Ramirez, whose parents fled the Cristero Revolt in Mexico, says he and his wife faced discrimination as a young working-class couple integrating an all-white neighborhood. But overall they found much opportunity. He became a bilingual notary public and union official while working at Armour and Co. He later served roles with the Urban League of Nebraska and the City of Omaha and directed the Chicano Awareness Center (now Latino Center of the Midlands). His activist-advocacy work included getting more construction contracts for minorities and summer jobs for youths. The devout Catholic lobbied the Omaha Archdiocese to offer its first Spanish-speaking Mass.
He’s still bullish about South Omaha, saying, “It’s a good place to live.”

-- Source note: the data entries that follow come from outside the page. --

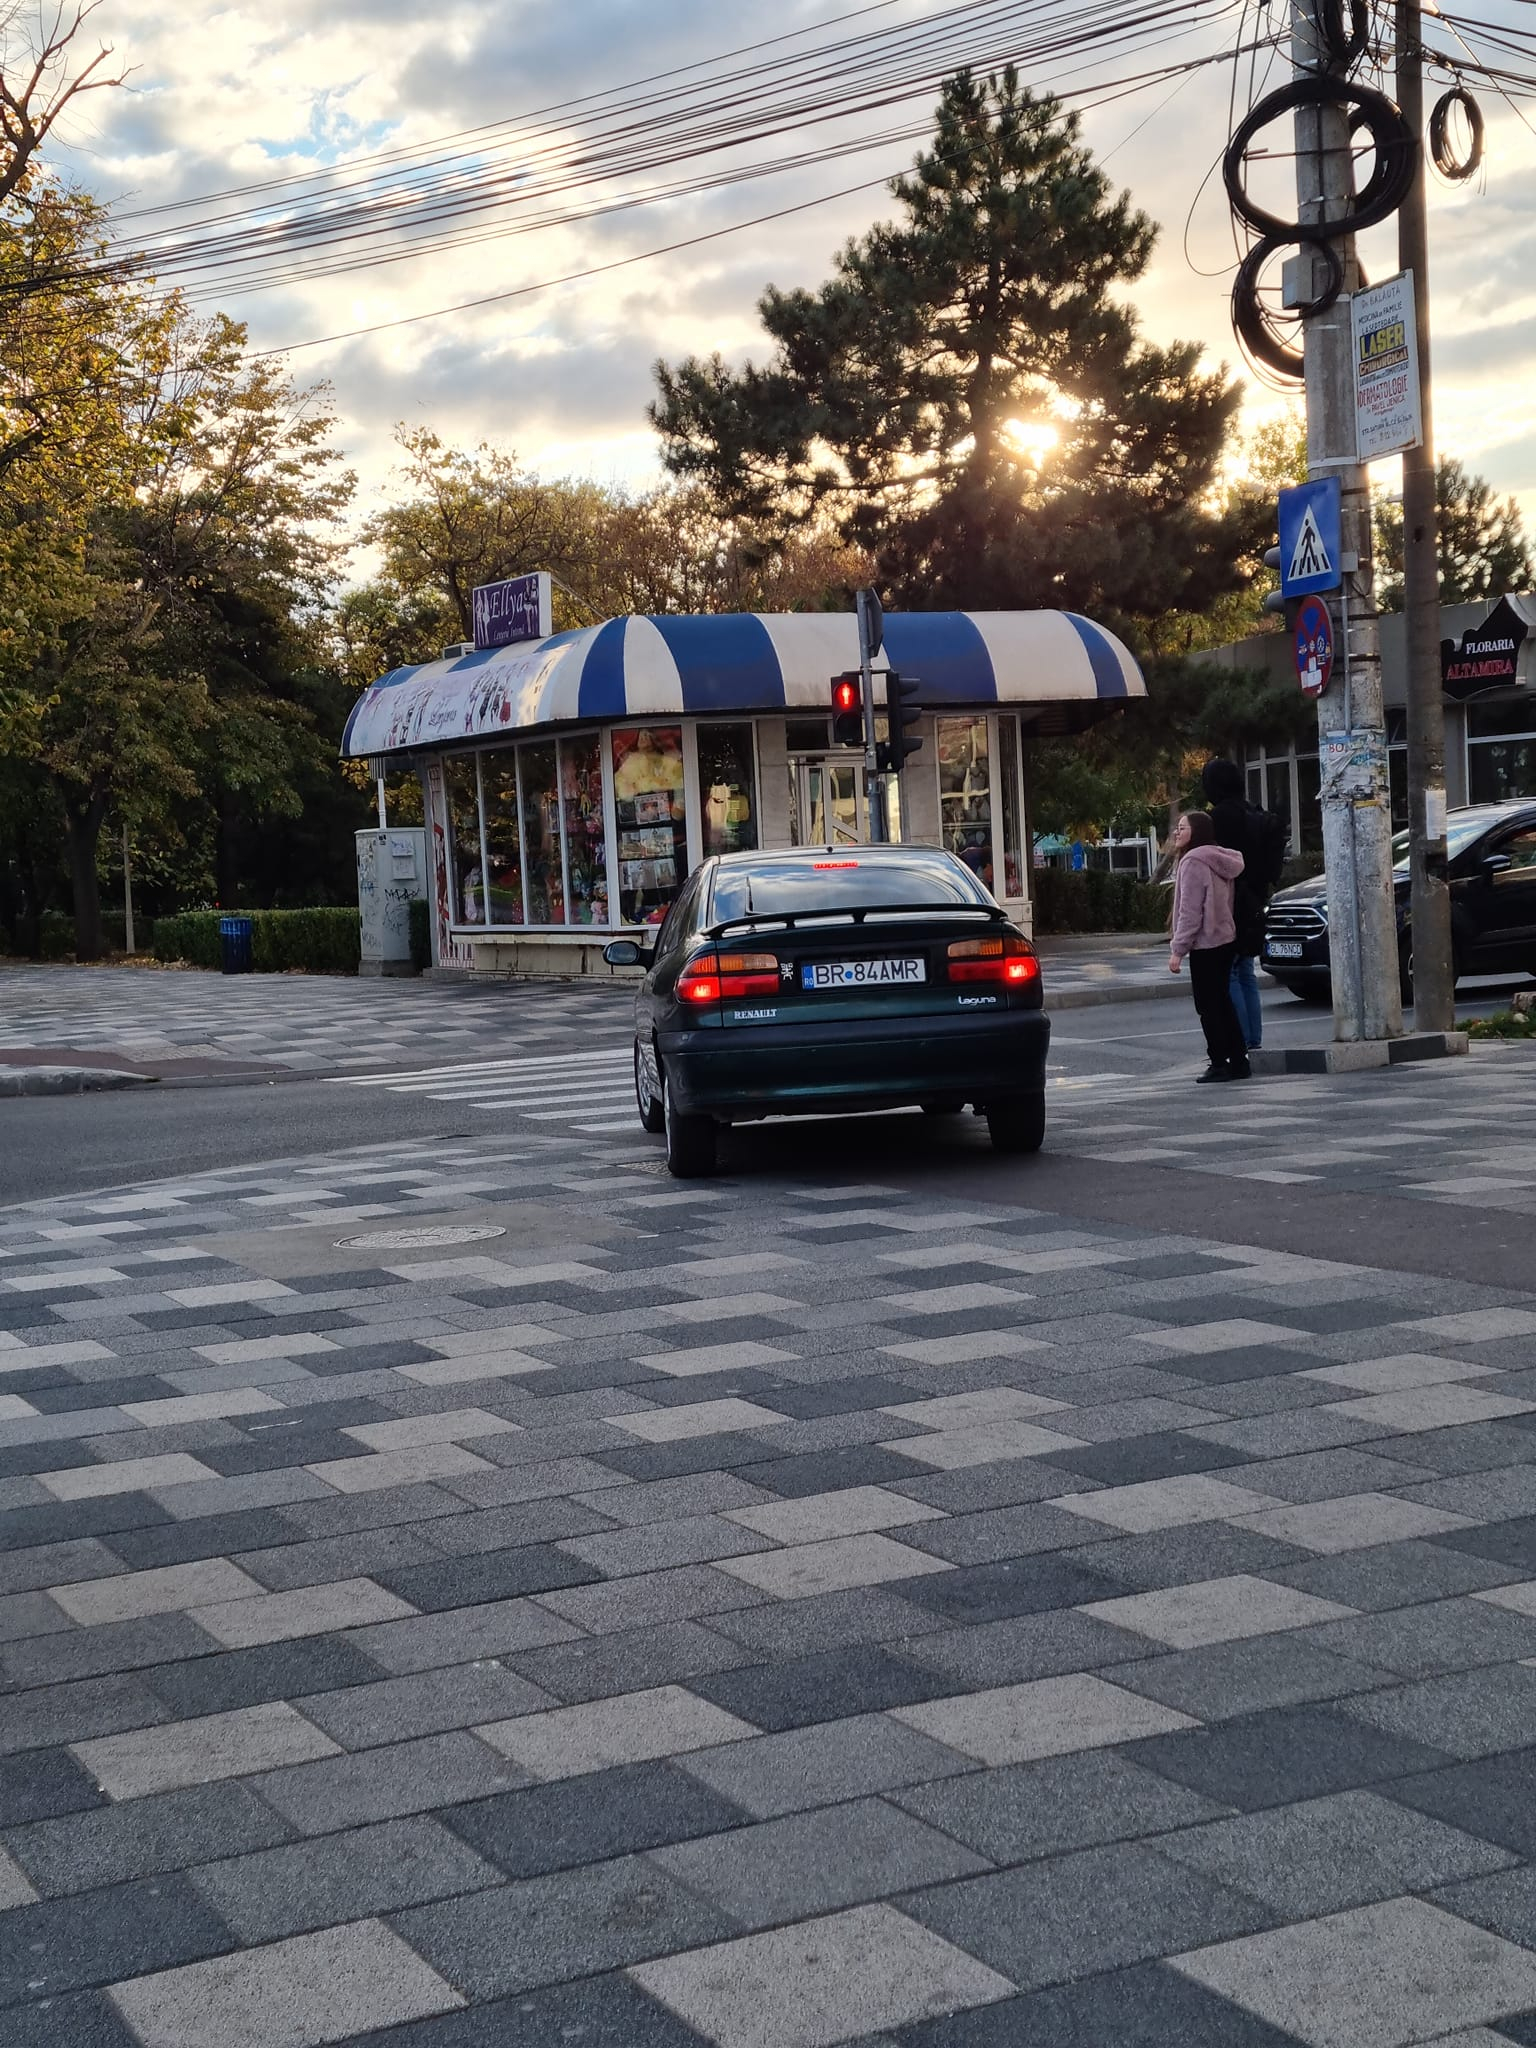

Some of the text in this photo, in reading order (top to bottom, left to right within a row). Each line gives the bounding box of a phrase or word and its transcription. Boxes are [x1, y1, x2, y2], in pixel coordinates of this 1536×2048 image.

[1360, 322, 1404, 360] LASER
[1360, 347, 1408, 377] CHIRURGICAL
[1358, 374, 1408, 408] DERMATOLOGIE
[490, 583, 523, 626] Ellya
[1466, 638, 1515, 655] FLORARIA
[1447, 658, 1514, 680] ALTAMIRA
[815, 965, 845, 985] BR
[854, 960, 919, 982] 84AMR
[734, 1008, 777, 1020] RENAULT

Dorothy Patach came up in a white-collar middle-class Bohemian family, graduated South High, then college, and went on to a long career as a nursing care professional and educator. Later, she became Spring Lake Neighborhood Association president and activist, helping raise funds for Omaha’s first graffiti abatement wagon and filling in ravines used as dumping grounds. She says the South O neighborhood she lived in for seven decades was a mix of ethnicities and religions that found ways to coexist.

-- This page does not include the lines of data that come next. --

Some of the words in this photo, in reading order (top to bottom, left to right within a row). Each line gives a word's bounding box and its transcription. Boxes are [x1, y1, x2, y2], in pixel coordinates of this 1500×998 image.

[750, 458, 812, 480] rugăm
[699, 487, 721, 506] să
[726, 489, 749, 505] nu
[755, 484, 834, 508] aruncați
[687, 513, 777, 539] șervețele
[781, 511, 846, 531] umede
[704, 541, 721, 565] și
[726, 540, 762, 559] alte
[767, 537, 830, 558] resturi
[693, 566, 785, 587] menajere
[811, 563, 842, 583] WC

“Basically we lived by the Golden Rule – do unto others as you want them to do unto you – and we had no problems.”
She, too, is proud of her South O legacy and eager to share its rich history with artists and audiences.
MCC Theatre Program Coordinator Scott Working says, “The specifics of people’s lives can be universal and resonate with a wide audience. The South Omaha stories I’ve heard so far have been wonderful, and I can’t wait to help share them.”
Josh Hecht finds it fascinating South O’s “weathered the rise and fall of various industries” and absorbed “waves of different demographic populations.” “In both of these ways” he says, “the neighborhood seems archetypally American.” Hecht and Co. are working with local historian Gary Kastrick to mine more tidbits.
Hecht conceived the project when local residents put on “a kind of variety show ” for he and other visiting artists at South High in 2013.
“They performed everything from spoken word to dance to storytelling. They told stories about their lives and it was very clear how important it was for the community to share these stories with us.”
Hecht says he began “thinking of an interactive way where they share their lives and stories with us and we transform them into pieces of theater that we then reflect back to them.”
Working says, “This project will be a deeper exploration and more intimate exchange between members of the community and dramatic artists” than previous Tapestries.
The production is aptly slated for the Stockyards Exchange Building, the last existing remnant of South O’s vast packing-livestock empire.